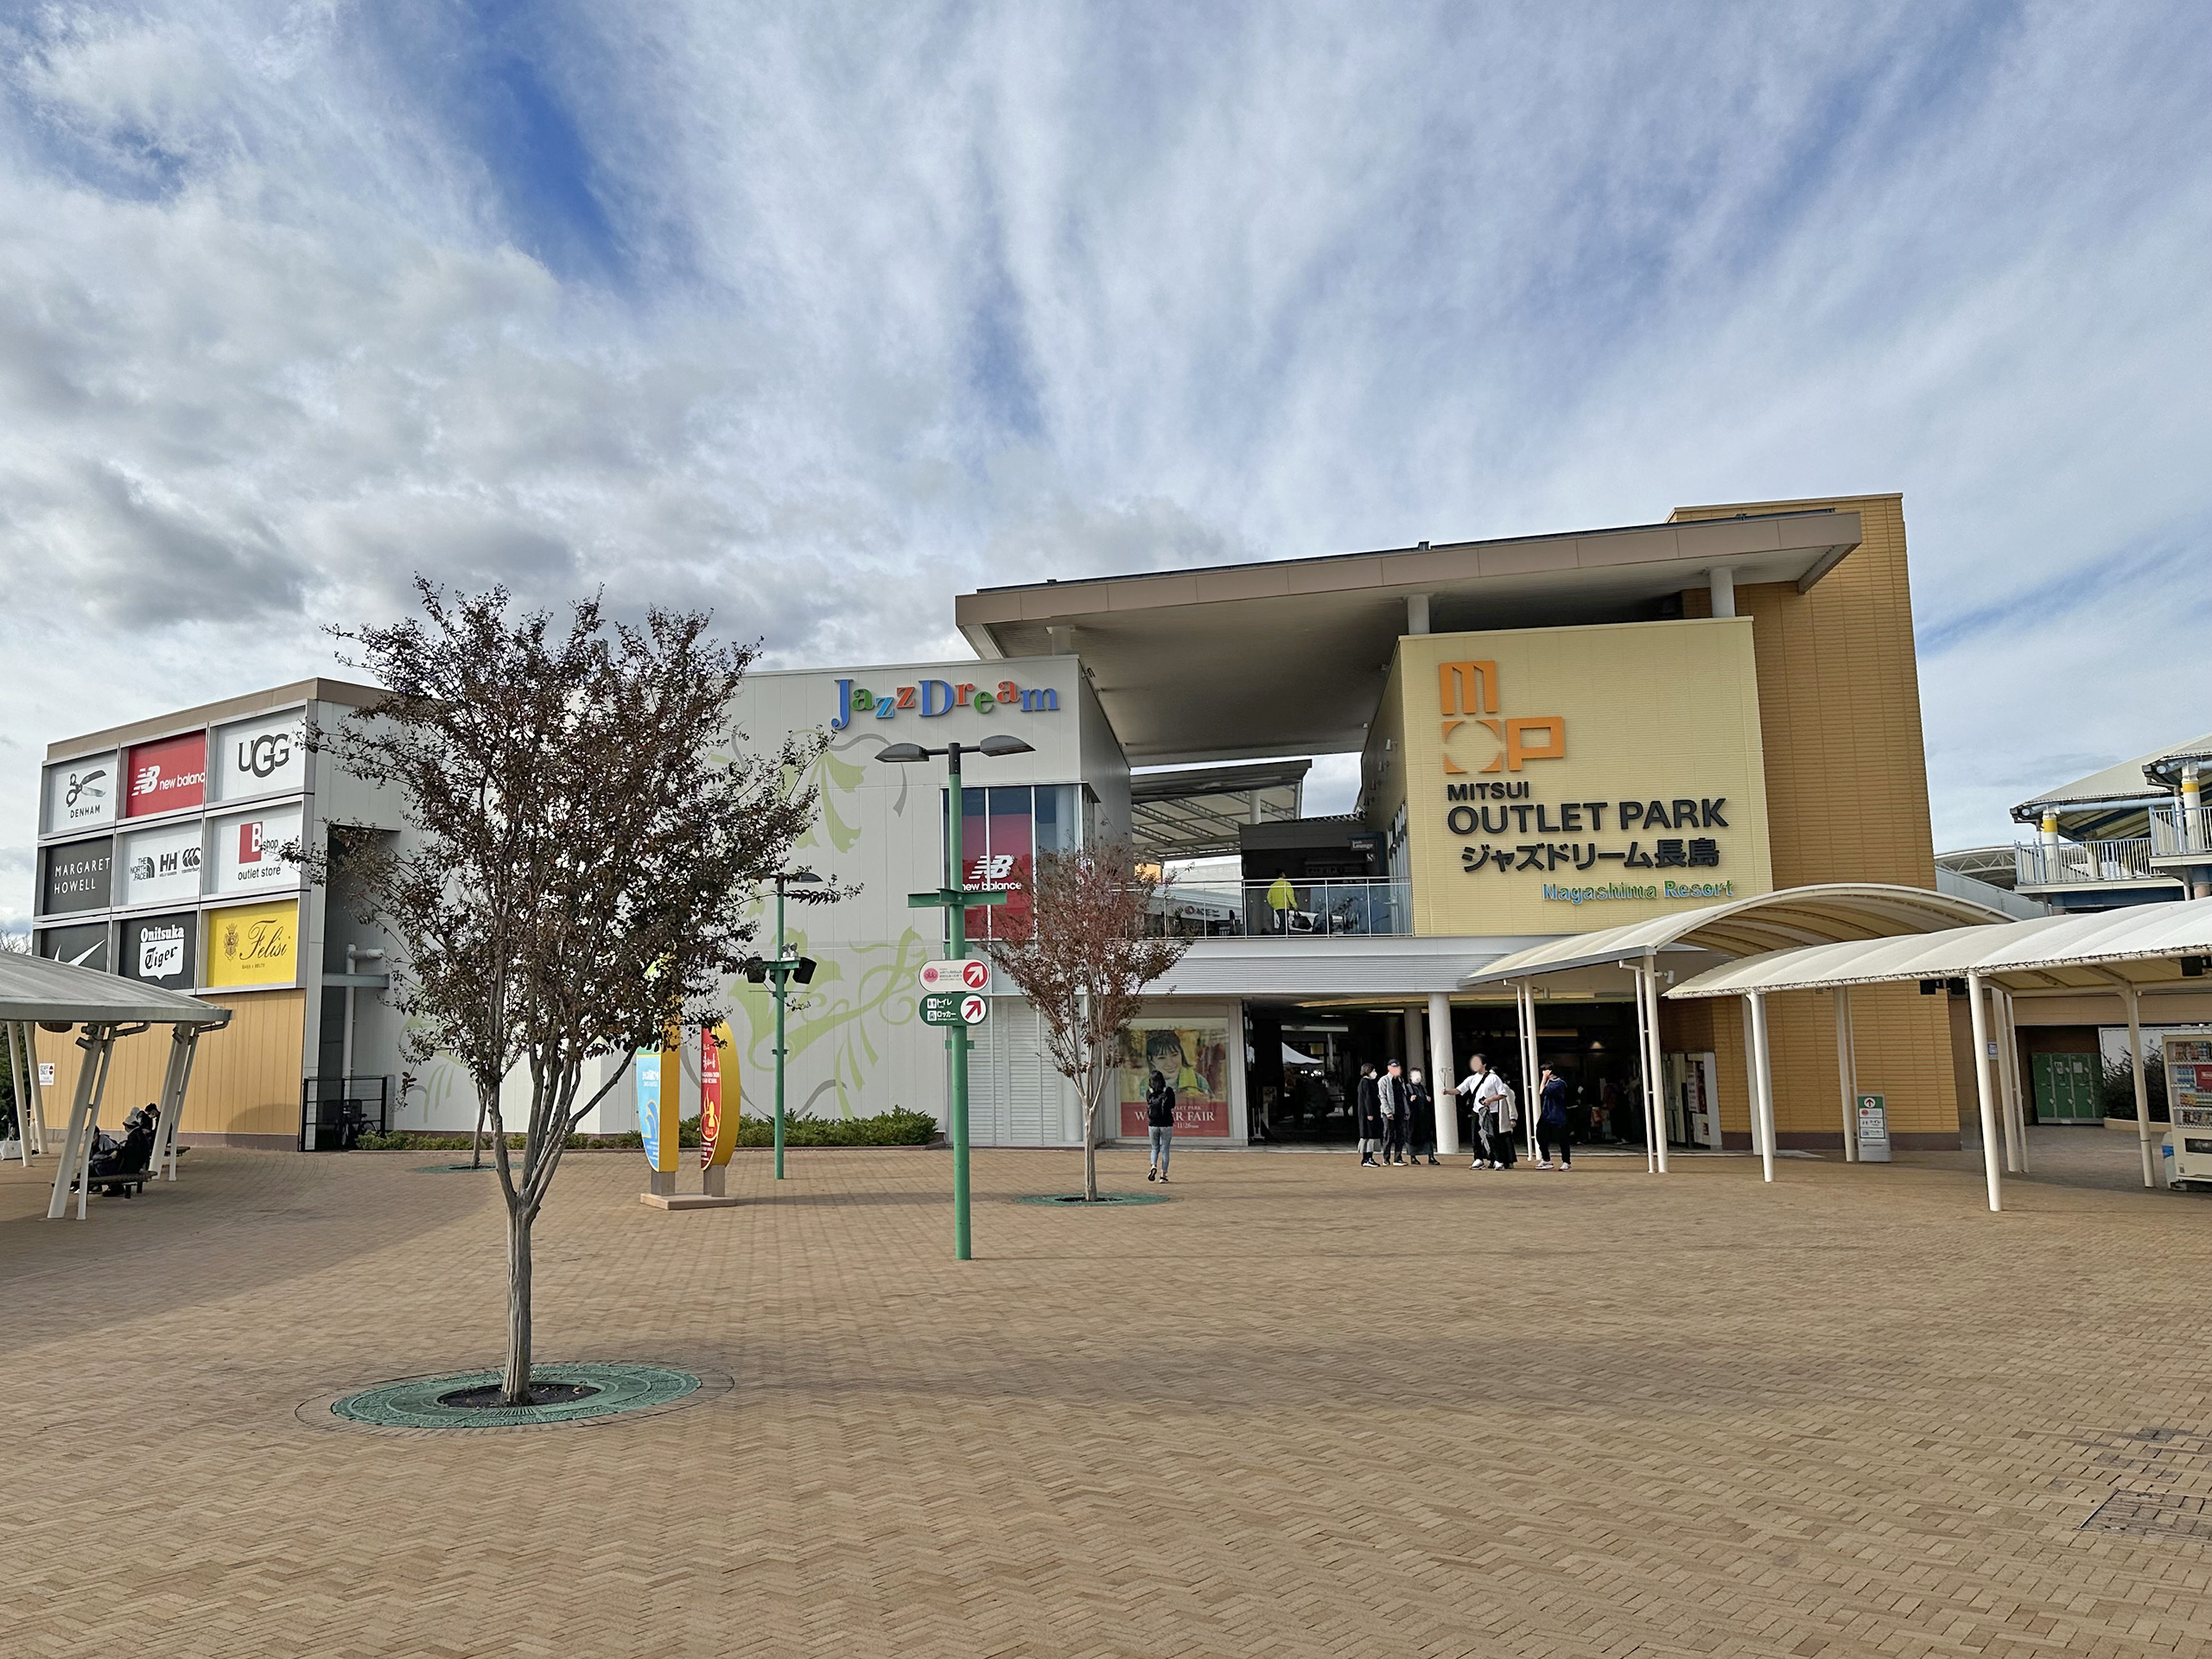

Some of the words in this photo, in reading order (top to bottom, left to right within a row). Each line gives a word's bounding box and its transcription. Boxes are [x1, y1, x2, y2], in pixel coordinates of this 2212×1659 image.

[238, 733, 290, 778] UGG
[159, 778, 177, 791] new
[176, 772, 206, 787] balanc
[1446, 781, 1529, 802] MITSUI
[70, 804, 100, 818] DENHAM
[1446, 801, 1608, 836] OUTLET
[1618, 798, 1730, 830] PARK
[137, 856, 147, 865] THE
[160, 852, 178, 872] HH
[1461, 837, 1720, 873] ジャズドリーム長島
[54, 857, 111, 878] MARGARET
[130, 865, 147, 874] NORTH
[133, 873, 147, 881] FACE
[238, 868, 259, 880] outlet
[261, 866, 281, 877] store
[54, 878, 96, 895] HOWELL
[982, 881, 1022, 891] balance
[1542, 881, 1658, 905] Nagashima
[1663, 880, 1733, 898] Resort
[140, 924, 185, 943] Onitsuka
[239, 918, 291, 960] Felisi
[144, 946, 178, 969] Tiger
[1187, 1111, 1215, 1122] FAIR
========================================================================
▸ WORK ITEM
Pictures are not part of the copy; output everything else in the records exactly.

▸ EXERCISE ANSWER
Some of the words in this photo, in reading order (top to bottom, left to right within a row). Each line gives a word's bounding box and its transcription. Boxes are [x1, y1, x2, y2], in pixel coordinates of this 2212×1659 image.

[238, 733, 290, 778] UGG
[159, 778, 177, 791] new
[176, 772, 206, 787] balanc
[1446, 781, 1529, 802] MITSUI
[70, 804, 100, 818] DENHAM
[1446, 801, 1608, 836] OUTLET
[1618, 798, 1730, 830] PARK
[137, 856, 147, 865] THE
[160, 852, 178, 872] HH
[1461, 837, 1720, 873] ジャズドリーム長島
[54, 857, 111, 878] MARGARET
[130, 865, 147, 874] NORTH
[133, 873, 147, 881] FACE
[238, 868, 259, 880] outlet
[261, 866, 281, 877] store
[54, 878, 96, 895] HOWELL
[982, 881, 1022, 891] balance
[1542, 881, 1658, 905] Nagashima
[1663, 880, 1733, 898] Resort
[140, 924, 185, 943] Onitsuka
[239, 918, 291, 960] Felisi
[144, 946, 178, 969] Tiger
[1187, 1111, 1215, 1122] FAIR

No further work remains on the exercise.